Ari Rubenstein knows it’s an opinion people don’t want to hear. That two decades of computer takeovers on exchanges, advancements that put thousands of people out of work and left high-frequency traders like him in control, are what kept markets humming during the coronavirus.

The co-founder and CEO of electronic market maker GTS, whose own career began in commodities pits at the World Trade Center, is blunt when asked what would have happened had it still been necessary to get an army of floor traders to Lower Manhattan in March and April.

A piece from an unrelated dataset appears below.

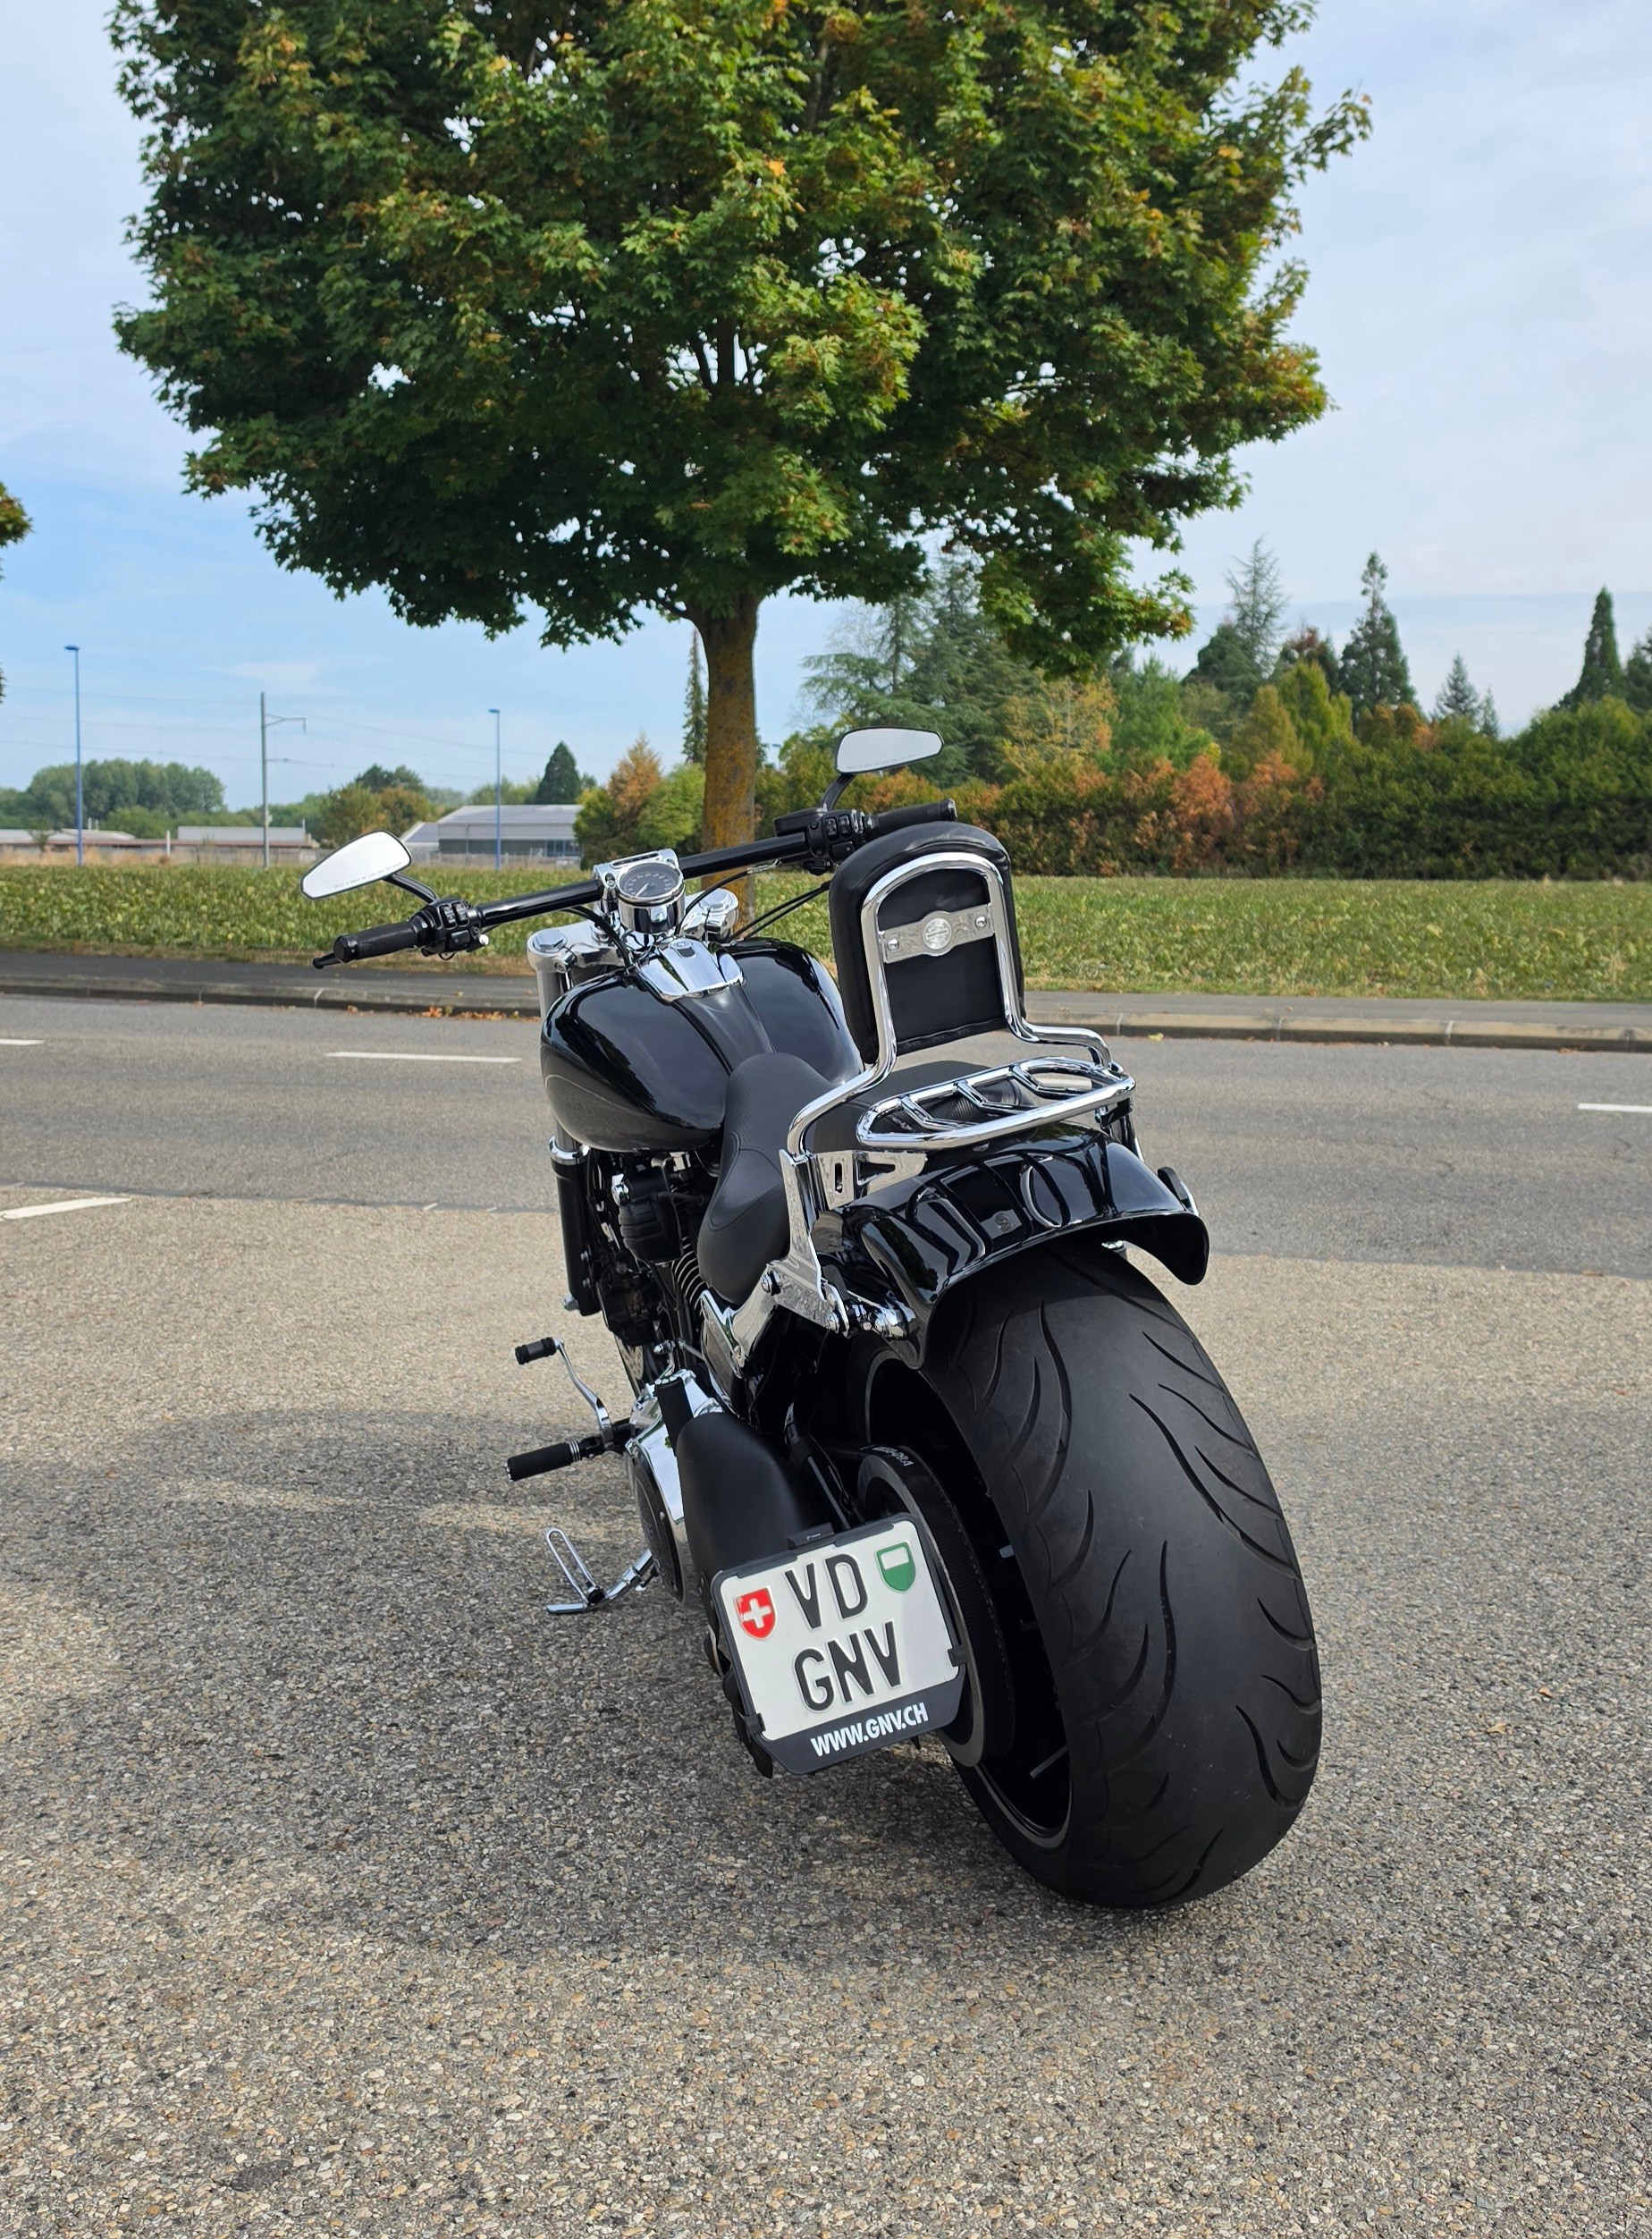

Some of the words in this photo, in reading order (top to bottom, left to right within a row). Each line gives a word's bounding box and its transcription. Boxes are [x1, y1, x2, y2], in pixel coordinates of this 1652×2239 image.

[785, 1554, 868, 1629] VD
[796, 1621, 902, 1711] GNV
[810, 1702, 929, 1757] WWW.GNV.CH

“It would’ve created massive uncertainty and exacerbated the problem tremendously,” says Rubenstein, whose firm sometimes buys and sells a billion shares a day. “If there was ever a question that technology and innovation is the future of Wall Street, we’re seeing that future right now.”

So with Wall Street, so with everything else, it has lately seemed. Right after being saved by the machines, exchanges became the site of investor stampedes to any stock with a claim on automation, particularly giant tech. While that’s been the salvation of bulls as the S&P 500 rallied 27% from its March lows, it’s an escalation provoking concern among people worried about workers and wealth equality in America.

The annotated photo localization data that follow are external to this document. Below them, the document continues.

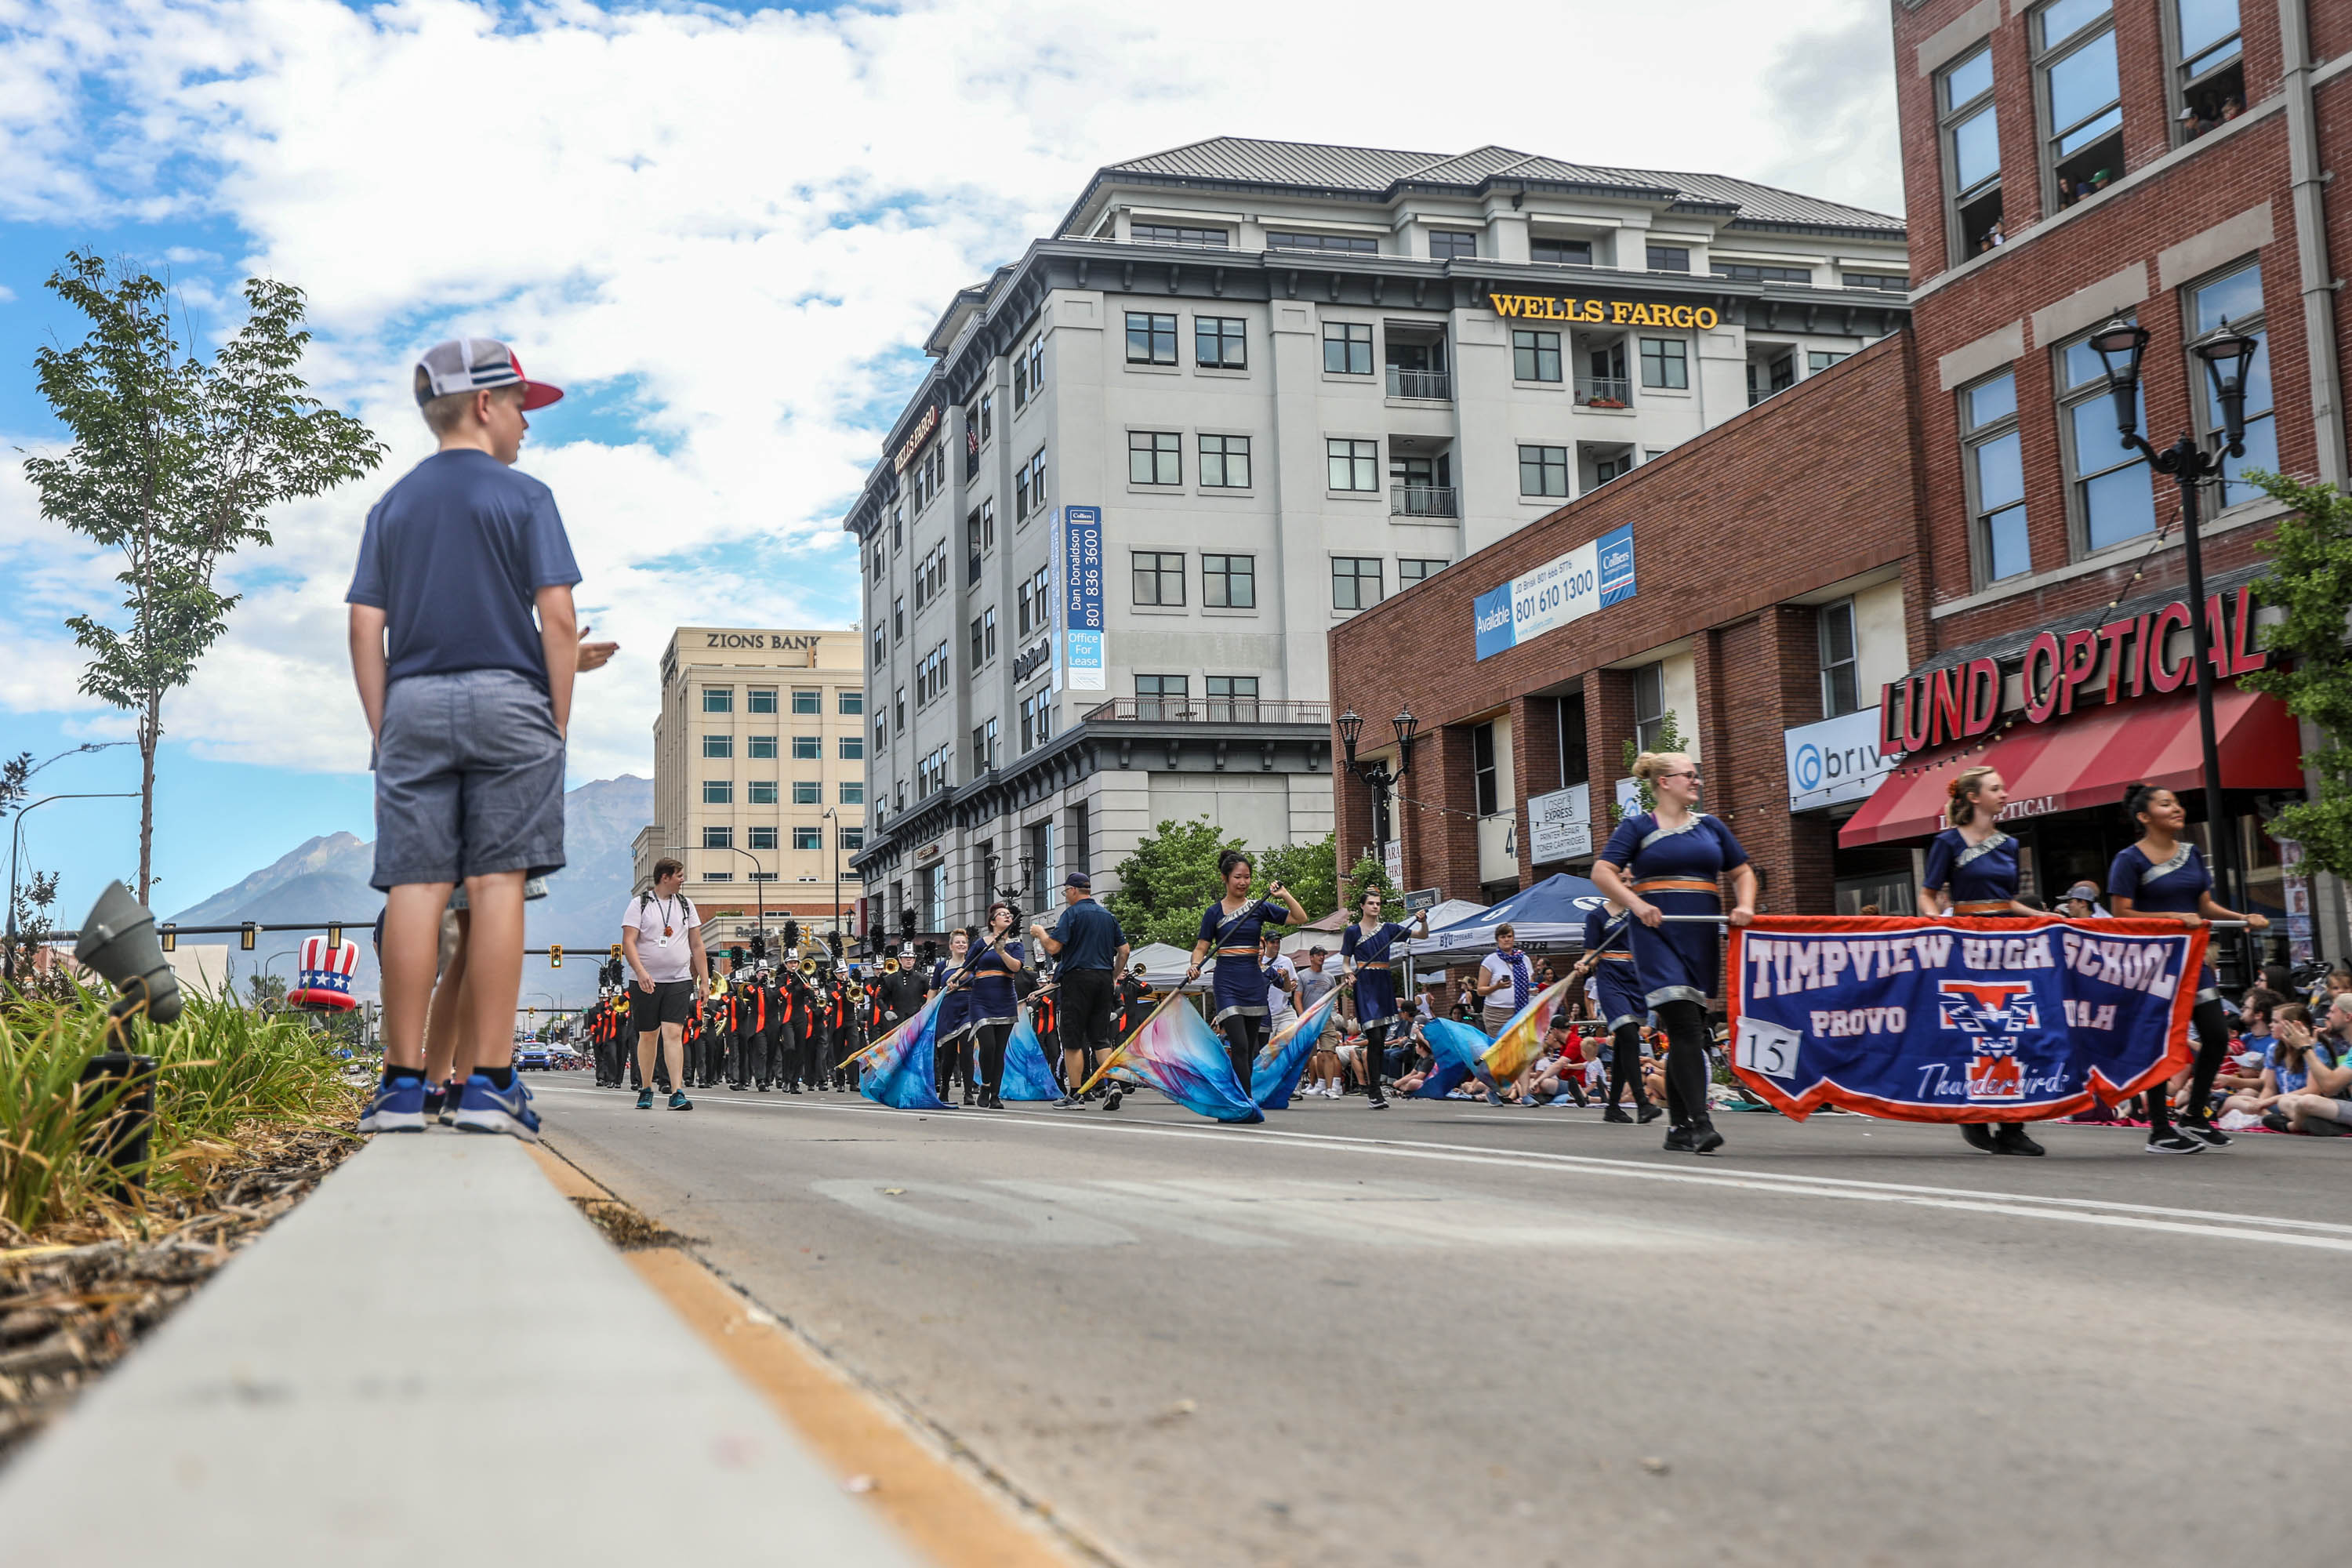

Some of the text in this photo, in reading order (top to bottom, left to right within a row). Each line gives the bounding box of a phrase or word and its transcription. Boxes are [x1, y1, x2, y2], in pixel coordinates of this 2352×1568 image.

[1490, 293, 1719, 329] WELLS FARGO
[895, 405, 935, 474] WELLS FARGO
[1069, 528, 1081, 611] Dan Donaldson
[1603, 552, 1630, 569] Colliers
[1084, 529, 1099, 627] 801 836 3600
[1515, 596, 1536, 623] 801
[1539, 585, 1559, 612] 610
[1563, 569, 1593, 601] 1300
[1476, 605, 1510, 636] Available
[707, 633, 822, 649] ZIONS BANK
[1069, 633, 1098, 643] Office
[1076, 644, 1092, 655] For
[1069, 657, 1098, 666] Lease
[1880, 586, 2268, 757] LUND OPTICAL
[1544, 806, 1573, 822] EXPRESS
[1992, 796, 2058, 821] PTICAL
[1537, 842, 1553, 852] TONER
[1554, 835, 1585, 849] CARTRIDGES
[1540, 826, 1580, 841] PRINTER REPAIR
[1439, 932, 1454, 947] BYU
[1748, 933, 2177, 1000] TIMPVIEW HIGH SCHOOL
[1810, 1006, 1907, 1038] PROVO
[1747, 1034, 1789, 1073] 15

The theme is daily fodder for bullish commentary from research firms. Swelling weightings in tech mean “the S&P 500’s remarkable performance makes sense,” wrote DataTrek Research Tuesday. Goldman Sachs repeated the often-heard observation that Facebook, Apple, Amazon, Microsoft, and Google make up 20% of the index, the highest for any five members in more than 30 years.

But the pandemic has clearly also made it easier for haters to frame the market as a place that encourages and celebrates companies whose distinguishing feature is that they remove humans from the process.

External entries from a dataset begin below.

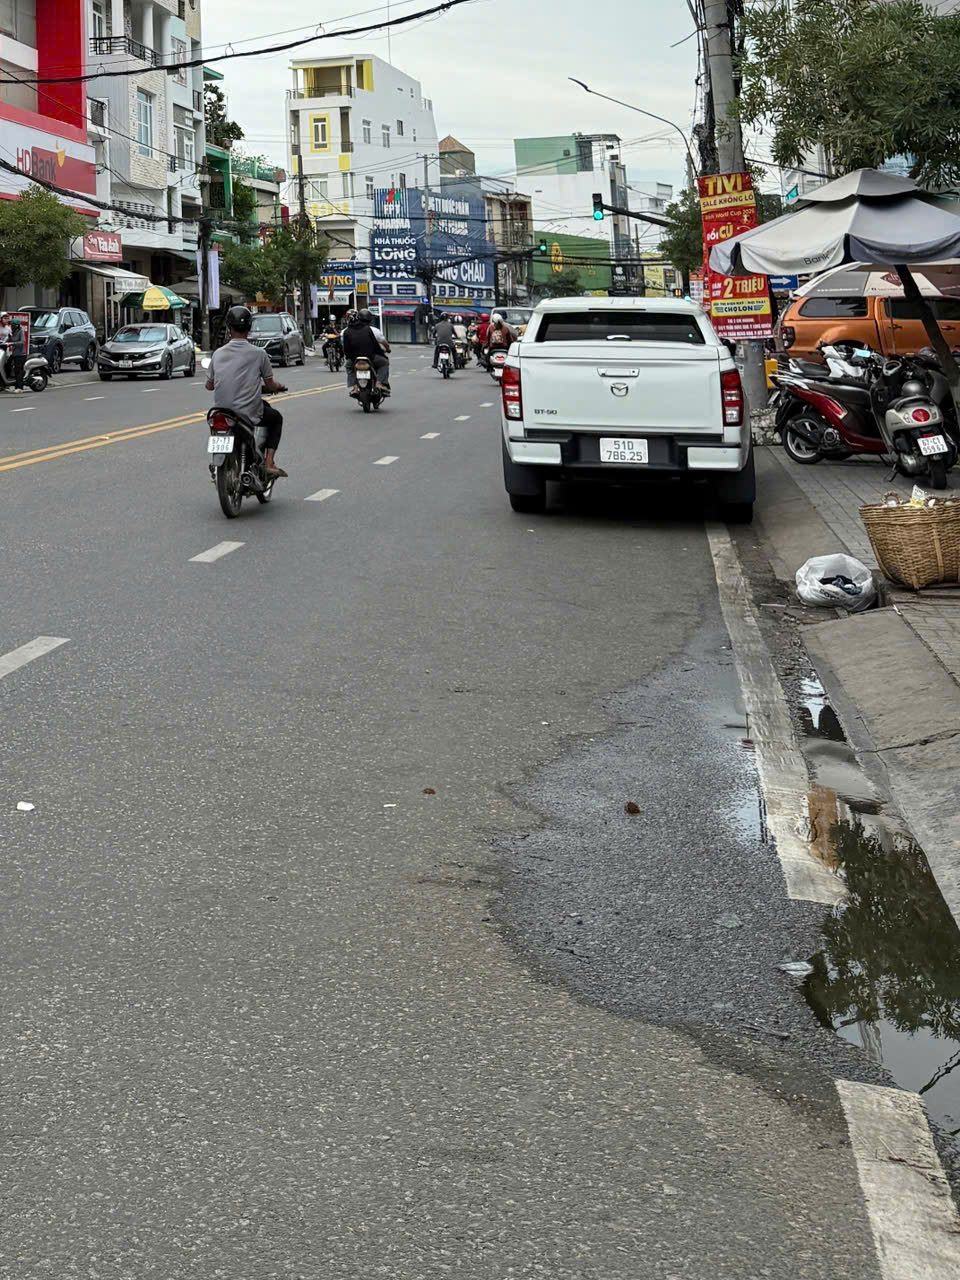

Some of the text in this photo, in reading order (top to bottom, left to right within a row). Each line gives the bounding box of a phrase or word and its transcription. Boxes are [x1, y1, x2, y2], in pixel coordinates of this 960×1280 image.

[16, 147, 57, 181] HDBank
[705, 174, 743, 196] TIVI
[383, 204, 400, 216] FPT
[373, 218, 410, 229] PHARMA
[374, 248, 416, 261] LONG
[804, 253, 830, 266] Bank
[460, 259, 486, 283] CHÂU
[723, 276, 765, 299] 2 TRIỆU
[613, 440, 634, 451] 51D
[606, 450, 643, 461] 786.25

“There’s a symbiotic relationship between the market and what corporations are doing,” said Christian Weller, senior fellow at the Center for American Progress and a professor of public policy at the University of Massachusetts, Boston. “Both corporate profits and behavior are anti-worker and boost stock prices.”

That talk will strike some as extreme, but shows how divisive the issue can get. Right now, the Russell 1000 winners list is dotted with systematic names. Amazon.com Inc., whose shares have soared, may be a huge employer, but has displaced many times more workers than it has hired. MarketAxess Holdings Inc., an automated bond trader, is up 38% since the February top, while electronic market maker Virtu Financial Inc. has jumped 41%. Even Netflix Inc., beating the S&P 500 by about 40 percentage points this year, can be viewed as a category killer of sorts when it comes to TV stations and cinemas.

To be sure, businesses reliant on public contact have been casualties of tech innovation for decades, it’s nothing new. And the market isn’t the economy -- though it’s at least a reflection of it, and a bet on what will thrive in the future. Unsurprisingly, amid a crisis bent on keeping everyone at home, bets are coalescing around companies that ease the burden of being locked indoors.

“A lot of the productivity investments that companies made over time have allowed the absorption of this shock of the elimination of a tremendous amount of face-to-face work,” said Joseph Fuller, professor of management practice at Harvard Business School. “The United States over time has continued to deploy technology in ways that allow things like social distancing.”